鏡の中の世界は、私から見たら左右が逆になっています。では鏡の中の「自分」にとって、やっぱり「右手」は「右手」なんでしょうか。そして、鏡の中の自分が見つめるこの世界の「左右」は、やっぱり「逆」になっているんですよね。
【ただいま読書中】『右?左?のふしぎ』ヘンリ・ブルンナー 著、 柳井浩 訳、 丸善出版、2013年、2800円(税別)
アルファベットの「A」は、「原像」とそれを鏡に映した「鏡像」とは一致します。しかし「F」は原像と鏡像が一致しません。これを「手のひら対称性(キラリティ)」と呼びます。手のひら対称性はカタツムリの殻のような立体でも言えます。右巻きの殻と左巻きの殻は手のひら対称性を持っています。
ところがここで驚愕の事実が。カタツムリや巻き貝は基本的に「右巻き」なのです。エスカルゴの工場で著者が調査した結果、右巻き:左巻きの比は「20,000 : 1」でした。
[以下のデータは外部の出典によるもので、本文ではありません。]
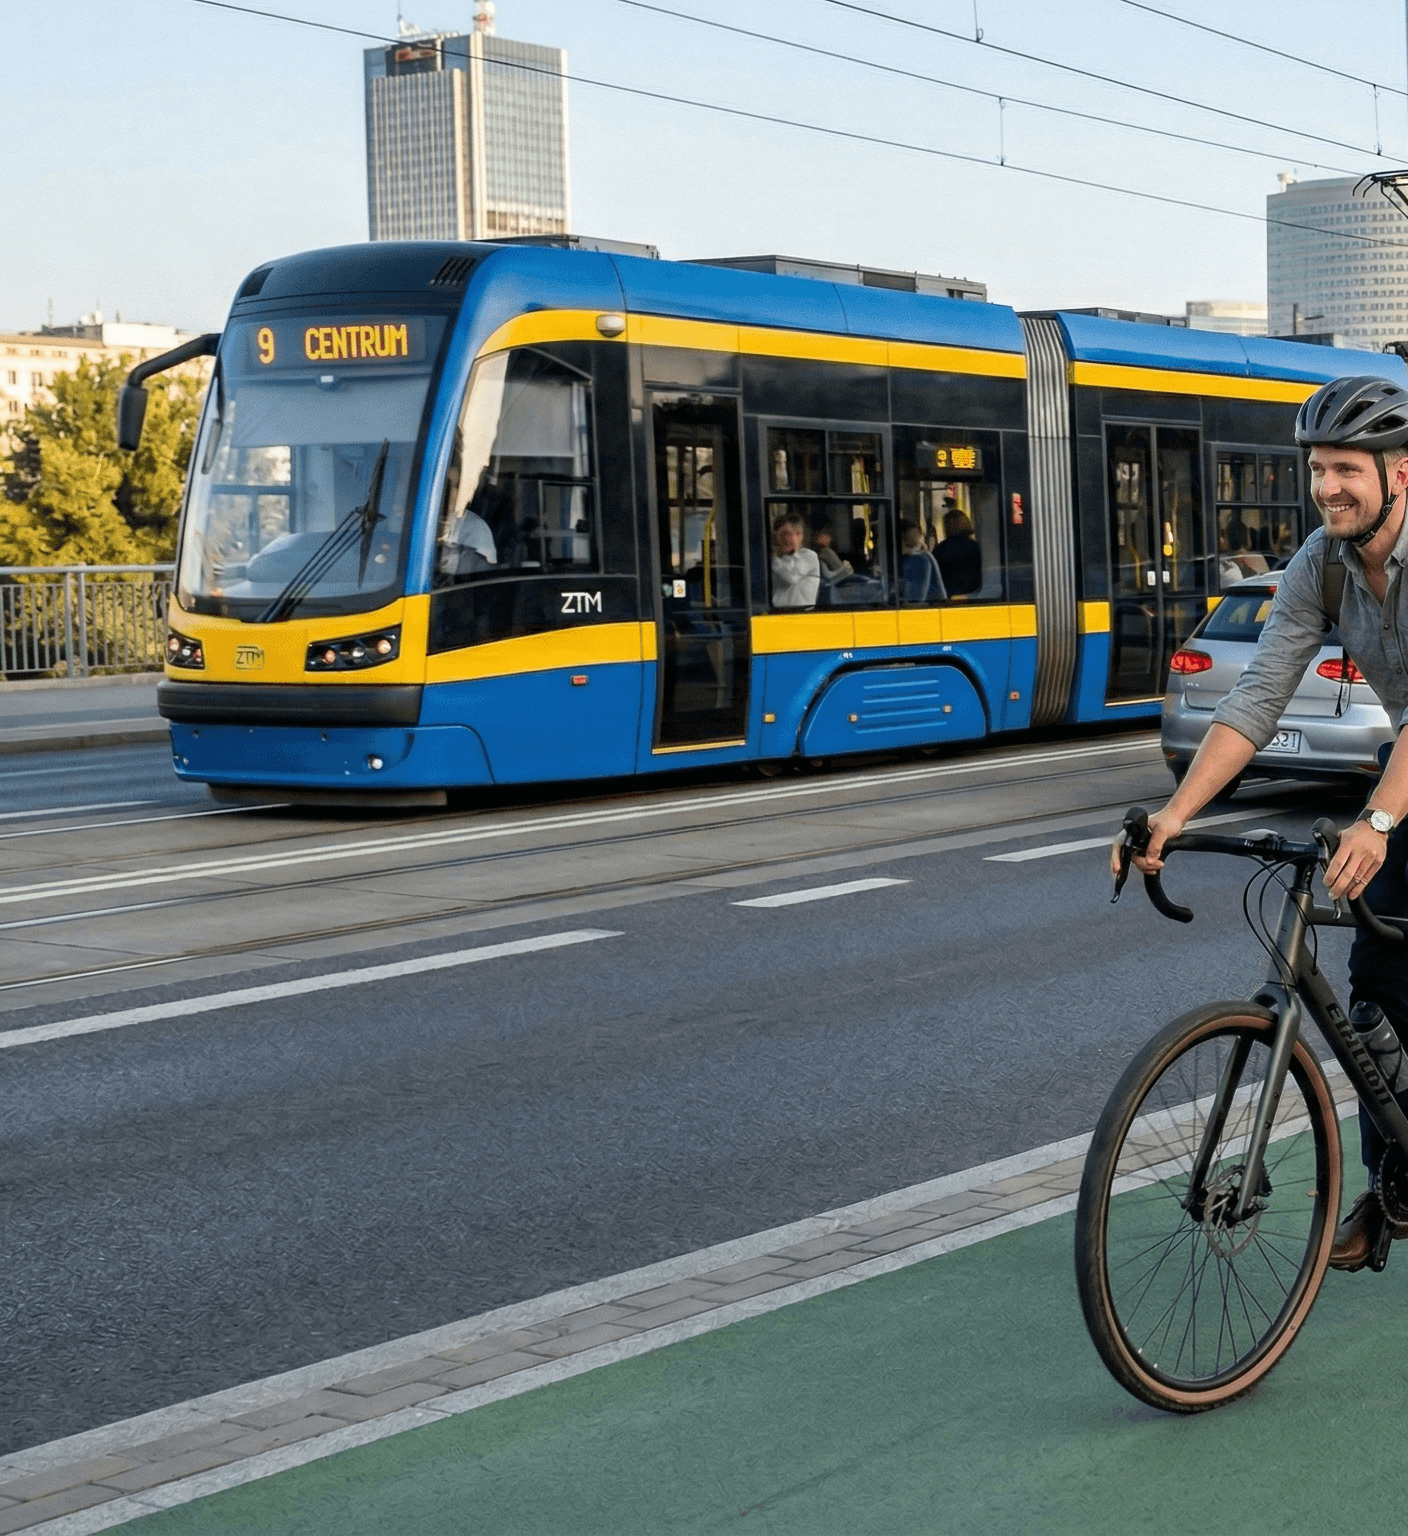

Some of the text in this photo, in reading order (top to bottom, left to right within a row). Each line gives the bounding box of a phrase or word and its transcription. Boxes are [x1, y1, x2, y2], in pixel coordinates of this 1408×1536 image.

[257, 323, 408, 364] 9 CENTRUM
[561, 591, 602, 613] ZTM
[236, 650, 265, 667] ZTM
実に99.995%が右巻きです。(もちろん“例外"はあります。オニツノガイは左巻きが多数派、キューバのサラサマイマイは半々だそうです)
朝顔のツル、豚の尻尾、サボテン、樹木のねじれ、花びら、風車の羽根……様々な「手のひら対称」がきれいな写真とともに紹介されます。最後には一角獣の角まで登場するのはご愛敬。
ここで話はミクロの領域に。アミノ酸には立体構造があり、そこにはやはり鏡に映したような「手のひら対称性」があります。ところがアミノ酸の場合、存在するのは「左旋性」が圧倒的なのです。これが炭水化物になるとこんどは「右旋性」が圧倒的に優位となります。
1815年フランスのビオは「砂糖の水溶液が偏光を回転させる」ことを発見、それを使って1848年にパスツールは酒石酸に「右旋性」と「左旋性」があることを発見します。工業的に得られた酒石酸は右旋性と左旋性が半々ですが、天然の酒石酸は左旋性だけだったのです。私がすごいと思ったのは、パスツールが文字通り「ルーペとピンセット」でこの結果を導き出したことです。
地球上の生物は、栄養として「左旋性」「右旋性」のどちらかを利用して生きています。薬も(サリドマイドが有名ですが)どちらかは有用、片方は有害、ということがあります。どうしてそんなことになっているのかは、まだわかっていませんが。
しばらくミクロの世界に遊んだ後、話はまたカタツムリの殻に戻ります。そして、仏陀の髪の毛、人の腕組み、ネクタイの縞模様……さまざまな「右と左」の話が次々と。「この世は右と左でできている」という“視点"から見た世界の面白さが味わえました。しばらく私もそういった見方をしてしまいそうです。まずは腕組みから。これは右巻き?左巻き?